What I really want you to understand is that the walls and likewise buildings are useful to only 1 unit. A superb well trained unit vs an ai is a slaughter if you do it right, but that's not going to work here. You need plenty more units wich won't sit in the city and ofcourse a player will kill those units first, and happely ignore that 1dmg a turn meat shield of a city.
After that, like someone said, it doesn't even take siege units. It just requires about 5 units to attack simeltaniously and gone is your city. The only thing the walls will help against is when you face a melee unit, but ofcourse you use a ranged unit to attack a city, this is common sense.

I could go on, but I think I made my point. Another thing that annoyed me in this game is the immense amount of hapiness necesary to initiate a golden age. I focused on getting loads of hapiness then that piety policy that reduces the amount you need, and only got about 35 turns out golden age out of say 400 turns (marathon setting). But that's another discussion I guess.
 
i thik they underestimate just how hard it is to take a city in teh medieval era. It would be cool if your armies presence made working teh tiles they are on impossible (of course you can destroy them) and just starve out a city till its defense drops.

Remember in medieval time sieges took years in some cases (yes i know that technically one turn is liek 50 years -_-)

edit. Does starvign a city make its defense drop? gotta try that....
 
It's all a part of the strategy. Walls and city defenders are the absolute last line of defence. They are there to buy you time to get more units in play if your military is routed or falls completely.

A great example of this is in the movie, "Troy". There is a scene where the Trojian footmen are lined up in front of the walls of Troy where archers stand ready. The Greeks march in, bashing against the shields of the Trojans while the archers on the wall take out the rear ranks.

This is the model you should use when building city defences.
 
That's what happens in Civ IV and in CivRev. It's kinda hard to test in Civ V unless you do it in multiplayer, has anyone tried?

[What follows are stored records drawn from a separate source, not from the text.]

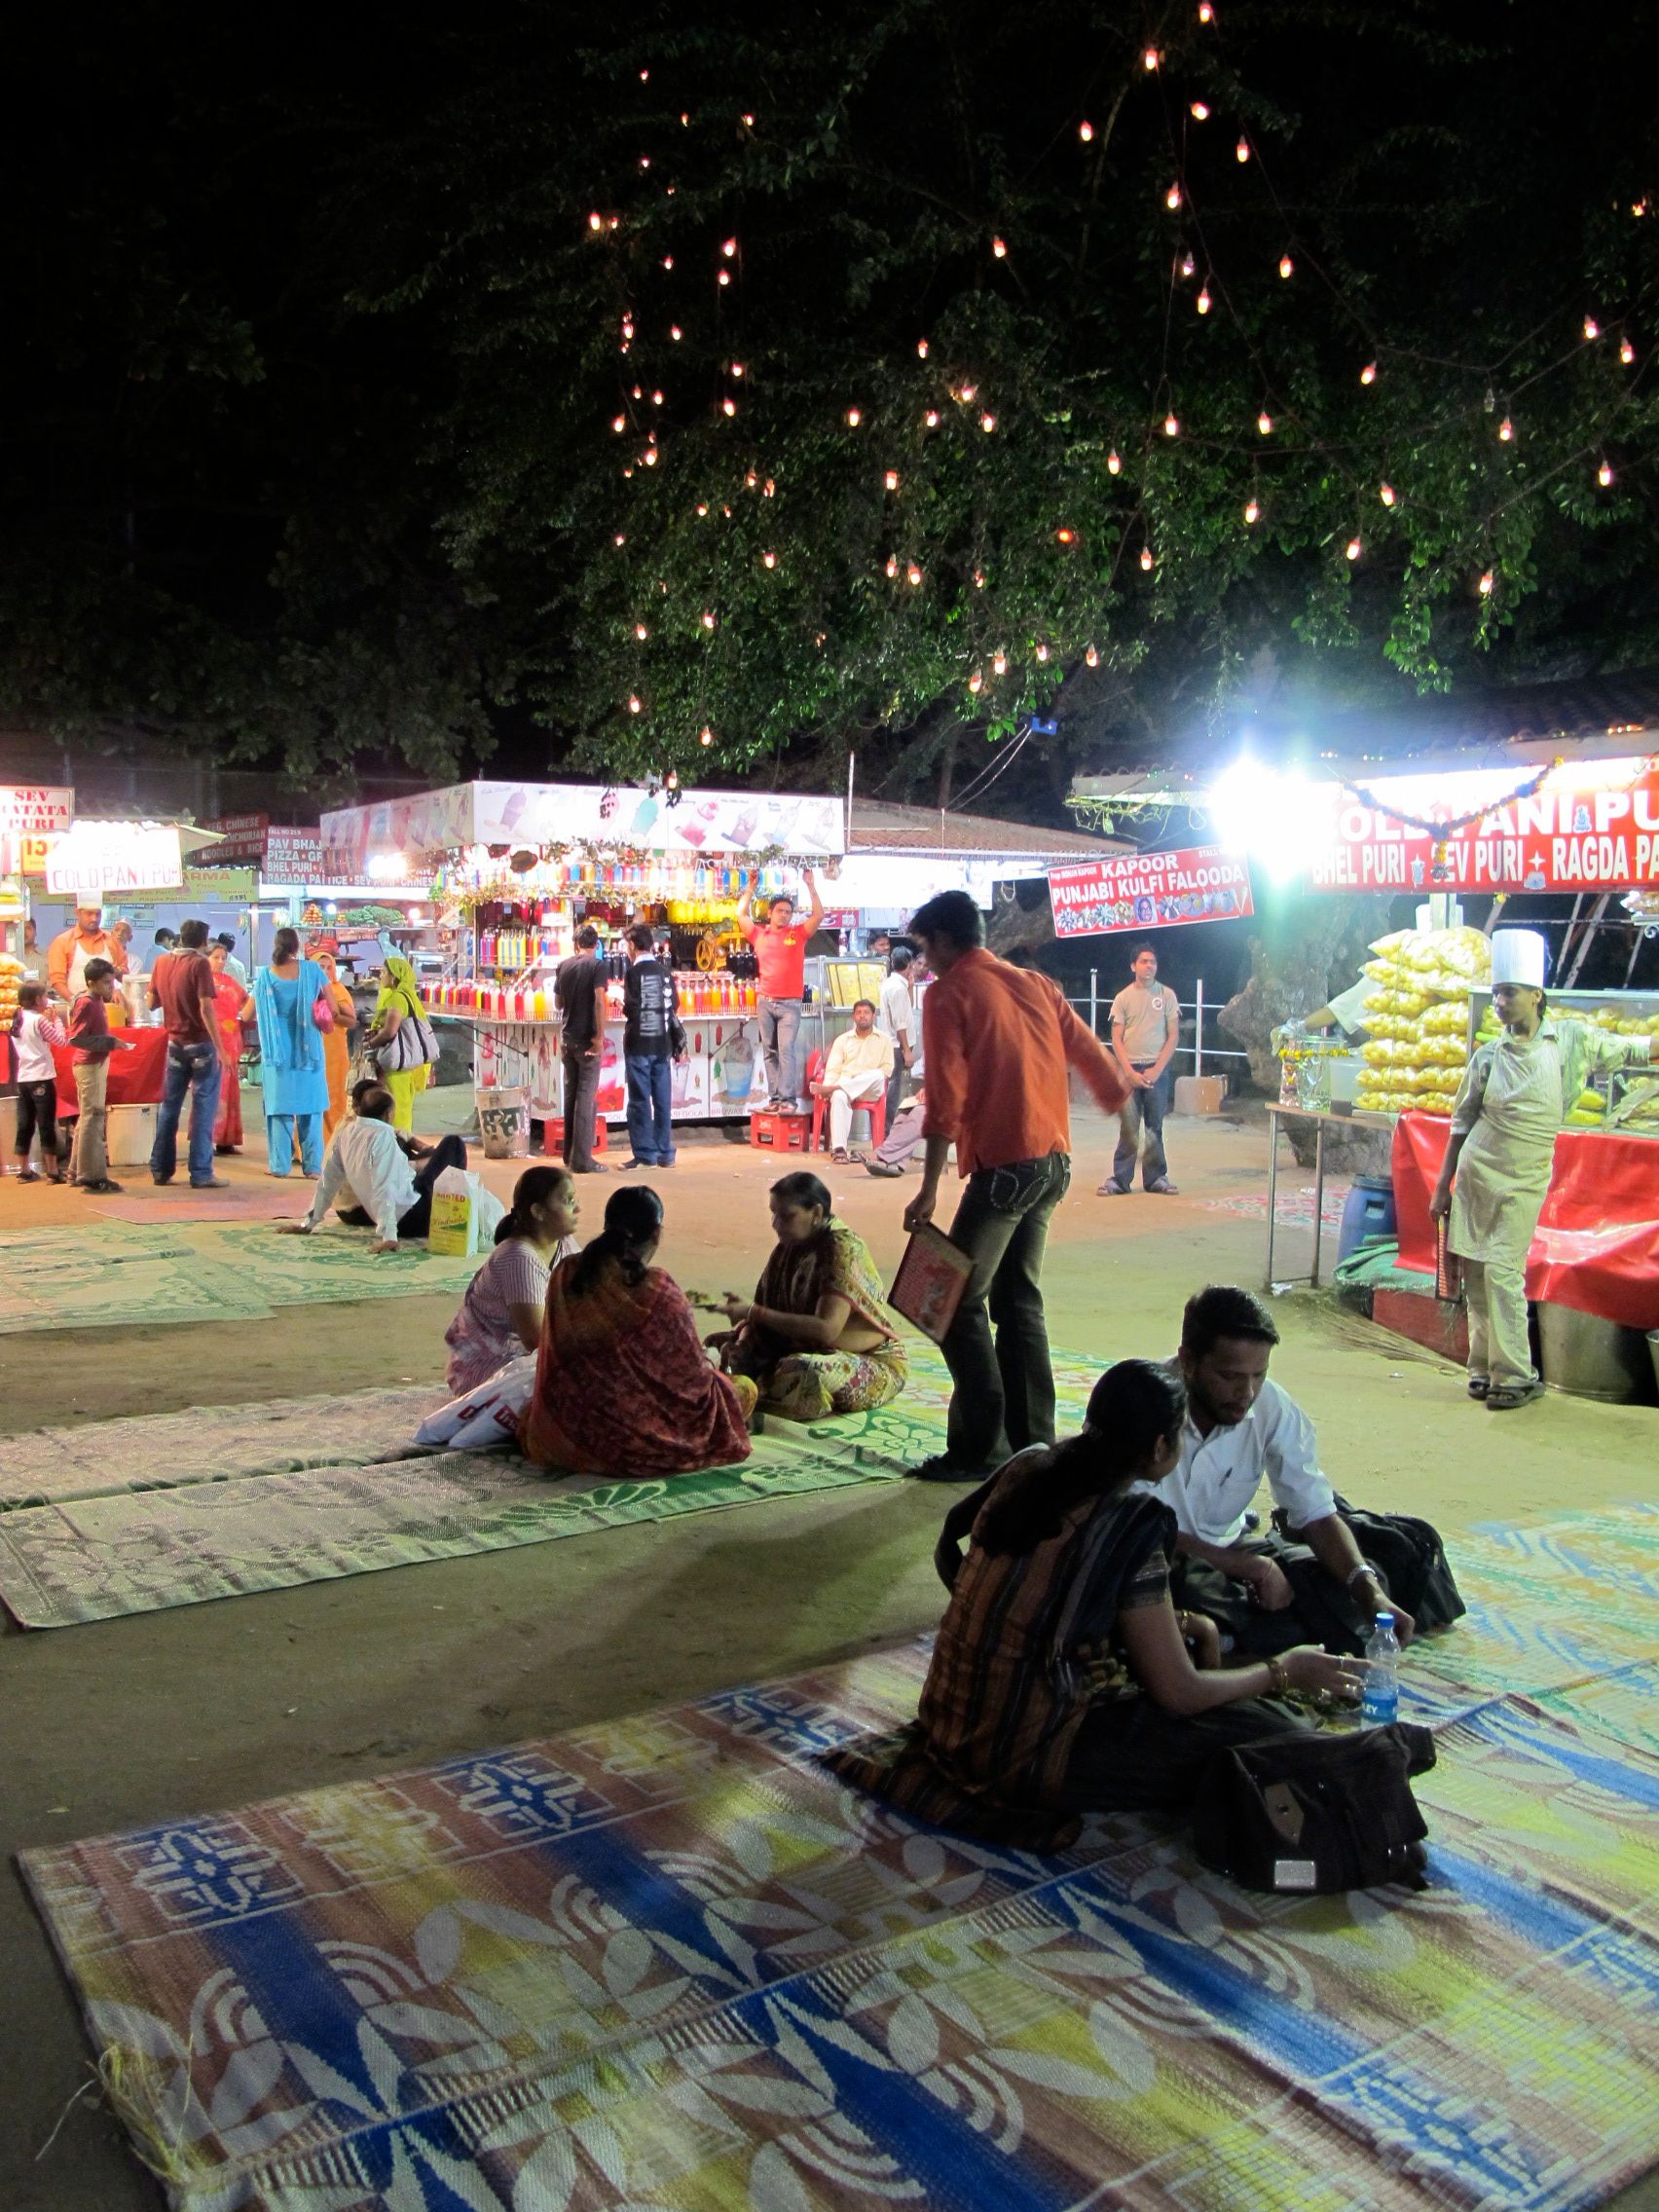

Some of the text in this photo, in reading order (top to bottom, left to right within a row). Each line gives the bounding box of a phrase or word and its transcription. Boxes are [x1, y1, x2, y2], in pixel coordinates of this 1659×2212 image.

[14, 791, 50, 802] SEV
[3, 805, 68, 816] ATATA
[226, 816, 260, 830] CHINESE
[247, 842, 264, 854] RICE
[268, 838, 322, 850] PAV BHAJ
[268, 850, 299, 861] PIZZA
[1363, 843, 1406, 884] PURI
[1475, 838, 1524, 883] PURI
[1552, 834, 1629, 881] RAGDA
[268, 861, 289, 872] BHEL
[292, 862, 313, 873] PURI
[1101, 854, 1179, 879] KAPOOR
[268, 872, 307, 884] RAGADA
[401, 875, 436, 887] CHINES
[1052, 864, 1245, 905] PUNJABI KULFI FALOODA

You can't work the tiles that your enemies are sitting on, if that's what you mean.

You can check this easily whenever barbarian unit comes into your city limit.

Keisukekun, sorry defense doesn't drop when cities starve... cities just starve (population drops). And if you had enough army to starve a city, you have enough to just storm it anyway.
 
thats dumb then whats the point of starving a city unless just to piss of teh other guy and not take it so he has to start over
 
You can't work the tiles that your enemies are sitting on, if that's what you mean.

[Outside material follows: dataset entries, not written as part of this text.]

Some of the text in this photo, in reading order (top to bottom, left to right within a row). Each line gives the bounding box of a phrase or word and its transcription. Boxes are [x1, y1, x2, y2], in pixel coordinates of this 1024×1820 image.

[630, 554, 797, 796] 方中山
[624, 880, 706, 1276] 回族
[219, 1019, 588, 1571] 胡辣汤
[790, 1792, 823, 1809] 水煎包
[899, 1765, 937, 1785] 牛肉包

You can check this easily whenever barbarian unit comes into your city limit.

Keisukekun, sorry defense doesn't drop when cities starve... cities just starve (population drops). And if you had enough army to starve a city, you have enough to just storm it anyway.

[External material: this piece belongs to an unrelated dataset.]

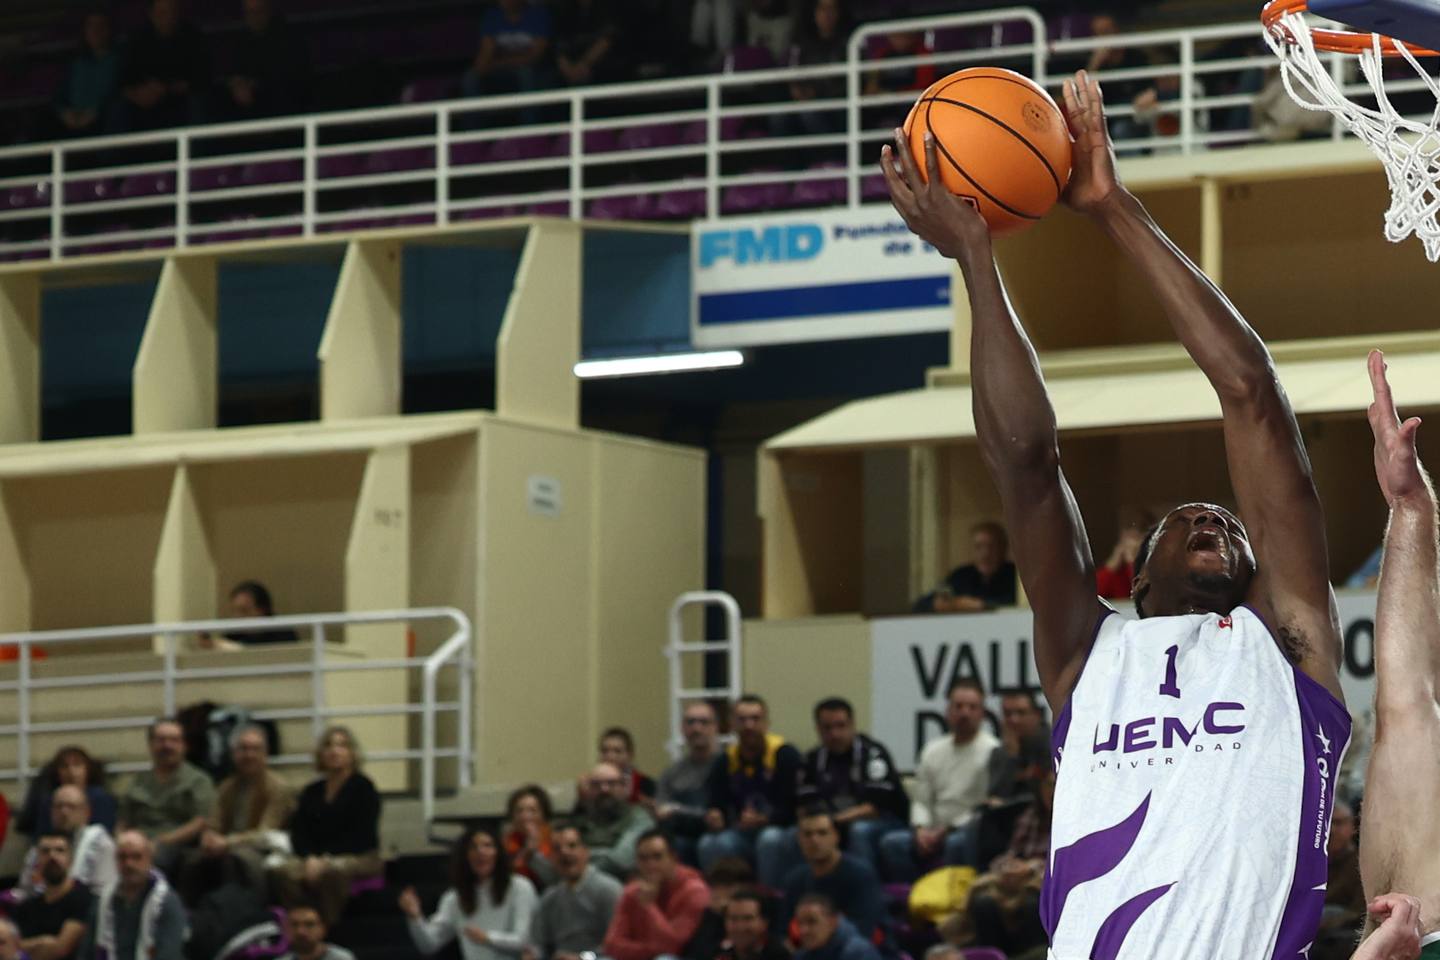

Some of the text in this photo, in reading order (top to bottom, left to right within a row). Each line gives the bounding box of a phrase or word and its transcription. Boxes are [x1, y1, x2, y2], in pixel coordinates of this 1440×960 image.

[697, 223, 824, 268] FMD
[911, 640, 1044, 698] VALL
[1159, 644, 1181, 698] 1

Given the much larger set of tiles to work that are available (expecially with the ability to purchase tiles), seiges have become a rather redundant feature, despite the role they played in history.

I can't believe noone saw this? Still, perphaps some kind modder could come up with something to reinstate seiges to their proper place. Perhaps, rather than an enemy unit disrupting production in just one tile, it could disrupt production in all tiles that it could reach in one turn...so with relatively few units you could close a city down...isn't that what happened historically...sometimes for years and years?
 
It's all a part of the strategy. Walls and city defenders are the absolute last line of defence. They are there to buy you time to get more units in play if your military is routed or falls completely.

A great example of this is in the movie, "Troy". There is a scene where the Trojian footmen are lined up in front of the walls of Troy where archers stand ready. The Greeks march in, bashing against the shields of the Trojans while the archers on the wall take out the rear ranks.

This is the model you should use when building city defences.

Great post. Don't cry for me Alesia.